(Data items)
###
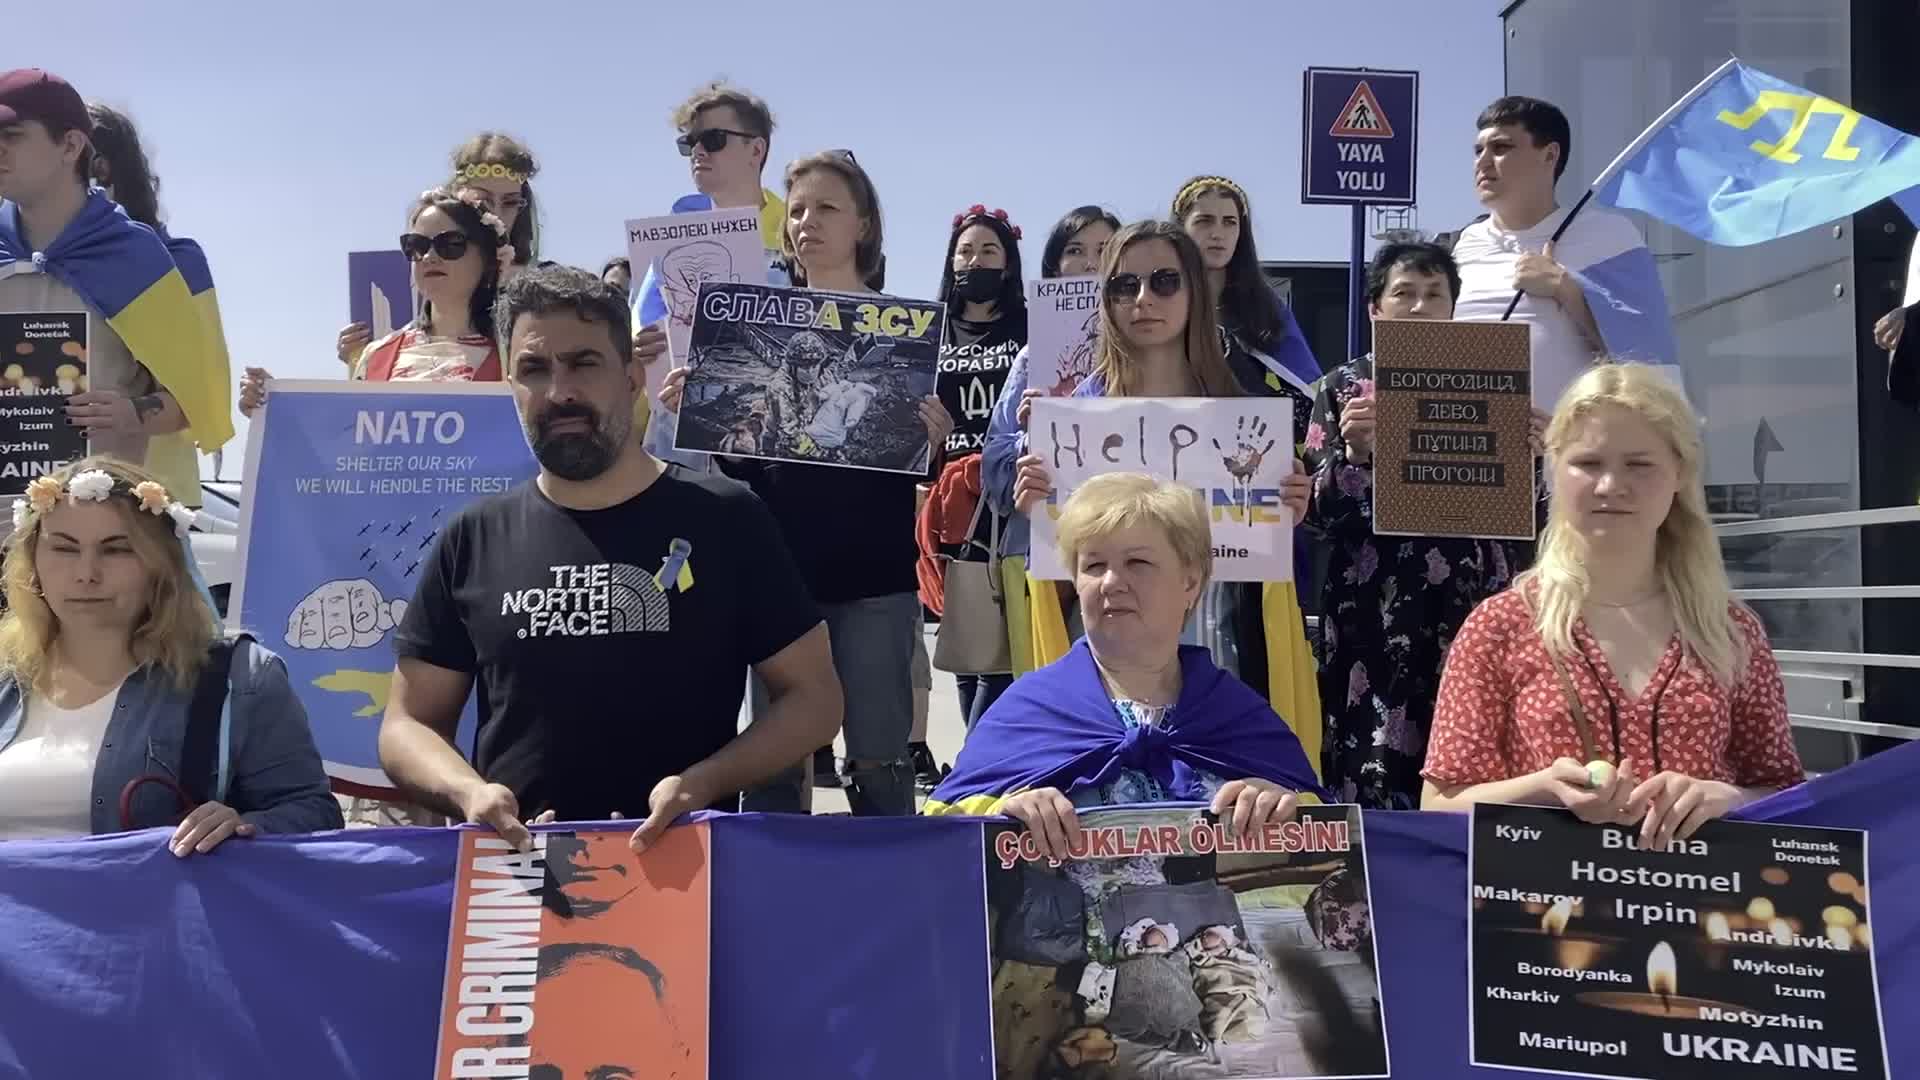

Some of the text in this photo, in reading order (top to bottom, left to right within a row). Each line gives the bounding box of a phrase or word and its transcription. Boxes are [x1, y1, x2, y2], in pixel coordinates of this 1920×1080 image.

[1337, 143, 1384, 163] YAYA
[1336, 171, 1385, 191] YOLU
[630, 217, 758, 243] МАВЗОЛЕЮ НУЖЕН
[1056, 297, 1074, 311] НЕ
[703, 292, 937, 338] СЛАВА ЗСУ
[1391, 372, 1517, 393] БОГОРОДИЦА,
[19, 422, 54, 431] Izum
[355, 410, 465, 445] NATO
[1050, 415, 1199, 480] Help
[1417, 434, 1487, 452] ПУТИНА
[336, 455, 477, 473] SHELTER OUR SKY
[1409, 465, 1496, 482] ПРОГОНИ
[296, 477, 513, 494] WE WILL HENDLE THE REST
[550, 564, 610, 588] THE
[501, 586, 609, 616] NORTH
[530, 610, 609, 637] FACE
[1496, 825, 1542, 842] Kyiv
[995, 826, 1184, 869] ÇOUKLAR
[1772, 838, 1840, 852] Luhansk
[1775, 852, 1841, 865] Donetsk
[1571, 860, 1741, 893] Hostomel
[1473, 885, 1584, 906] Makarov
[1616, 898, 1697, 925] Irpin
[1517, 962, 1632, 983] Borodyanka
[1732, 958, 1825, 977] Mykolaiv
[1486, 986, 1560, 1004] Kharkiv
[1774, 984, 1826, 1000] Izum
[1700, 1007, 1824, 1030] Motyzhin
[1519, 1031, 1628, 1056] Mariupol
[1662, 1032, 1858, 1072] UKRAINE
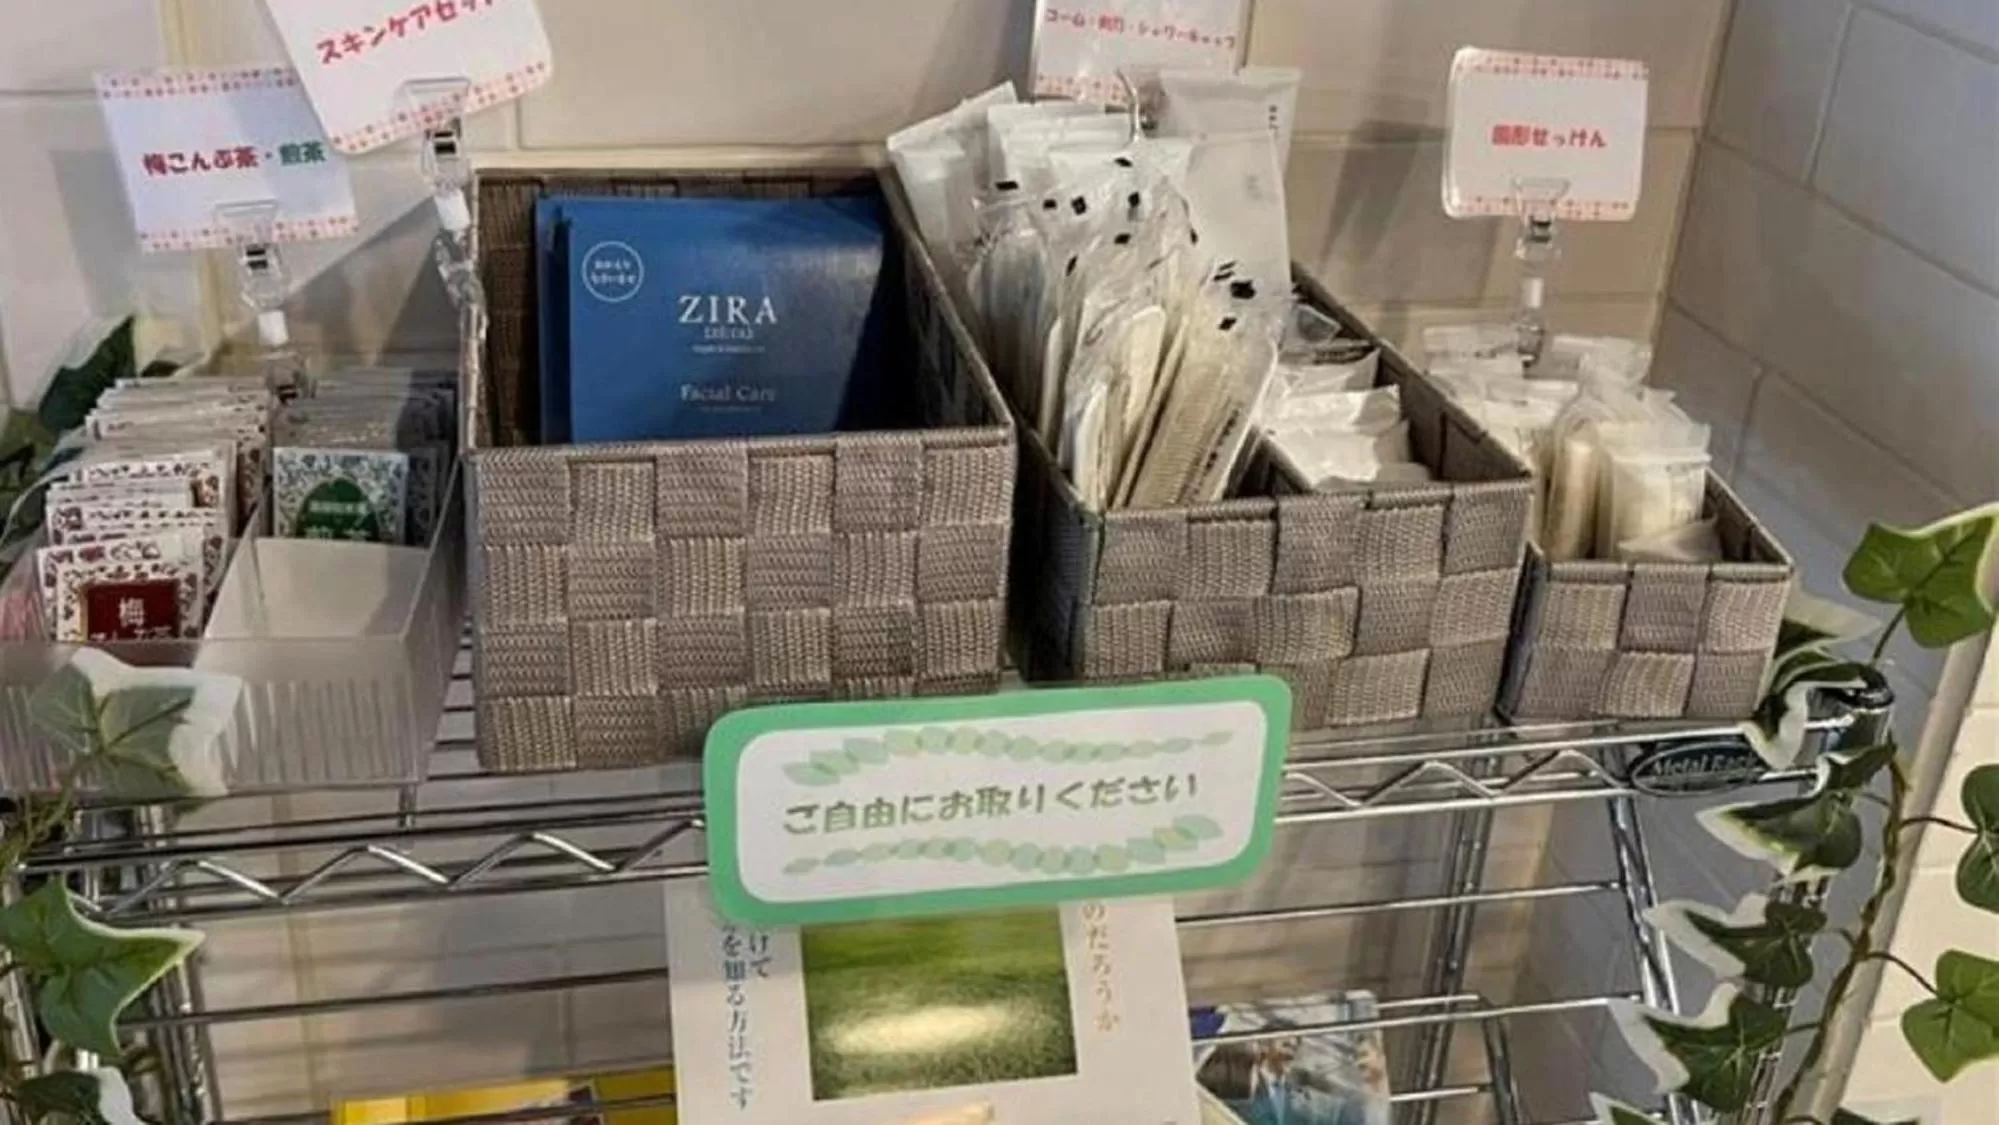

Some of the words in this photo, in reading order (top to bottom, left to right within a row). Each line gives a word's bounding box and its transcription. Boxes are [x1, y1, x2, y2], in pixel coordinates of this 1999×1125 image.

[316, 0, 493, 64] スキンケアセッ
[678, 295, 778, 325] ZIRA
[681, 383, 731, 401] Facial
[735, 385, 776, 402] Care
[783, 773, 1199, 836] ご自由にお取りください
###
§ Work to complete
Verbatim repetition of the entries is required, excluding any pictures.

§ Task response
Some of the text in this photo, in reading order (top to bottom, left to right within a row). Each line gives the bounding box of a phrase or word and its transcription. Boxes are [x1, y1, x2, y2], in pixel coordinates of this 1920×1080 image.

[1337, 143, 1384, 163] YAYA
[1336, 171, 1385, 191] YOLU
[630, 217, 758, 243] МАВЗОЛЕЮ НУЖЕН
[1056, 297, 1074, 311] НЕ
[703, 292, 937, 338] СЛАВА ЗСУ
[1391, 372, 1517, 393] БОГОРОДИЦА,
[19, 422, 54, 431] Izum
[355, 410, 465, 445] NATO
[1050, 415, 1199, 480] Help
[1417, 434, 1487, 452] ПУТИНА
[336, 455, 477, 473] SHELTER OUR SKY
[1409, 465, 1496, 482] ПРОГОНИ
[296, 477, 513, 494] WE WILL HENDLE THE REST
[550, 564, 610, 588] THE
[501, 586, 609, 616] NORTH
[530, 610, 609, 637] FACE
[1496, 825, 1542, 842] Kyiv
[995, 826, 1184, 869] ÇOUKLAR
[1772, 838, 1840, 852] Luhansk
[1775, 852, 1841, 865] Donetsk
[1571, 860, 1741, 893] Hostomel
[1473, 885, 1584, 906] Makarov
[1616, 898, 1697, 925] Irpin
[1517, 962, 1632, 983] Borodyanka
[1732, 958, 1825, 977] Mykolaiv
[1486, 986, 1560, 1004] Kharkiv
[1774, 984, 1826, 1000] Izum
[1700, 1007, 1824, 1030] Motyzhin
[1519, 1031, 1628, 1056] Mariupol
[1662, 1032, 1858, 1072] UKRAINE

Some of the words in this photo, in reading order (top to bottom, left to right within a row). Each line gives a word's bounding box and its transcription. Boxes are [x1, y1, x2, y2], in pixel coordinates of this 1999×1125 image.

[316, 0, 493, 64] スキンケアセッ
[678, 295, 778, 325] ZIRA
[681, 383, 731, 401] Facial
[735, 385, 776, 402] Care
[783, 773, 1199, 836] ご自由にお取りください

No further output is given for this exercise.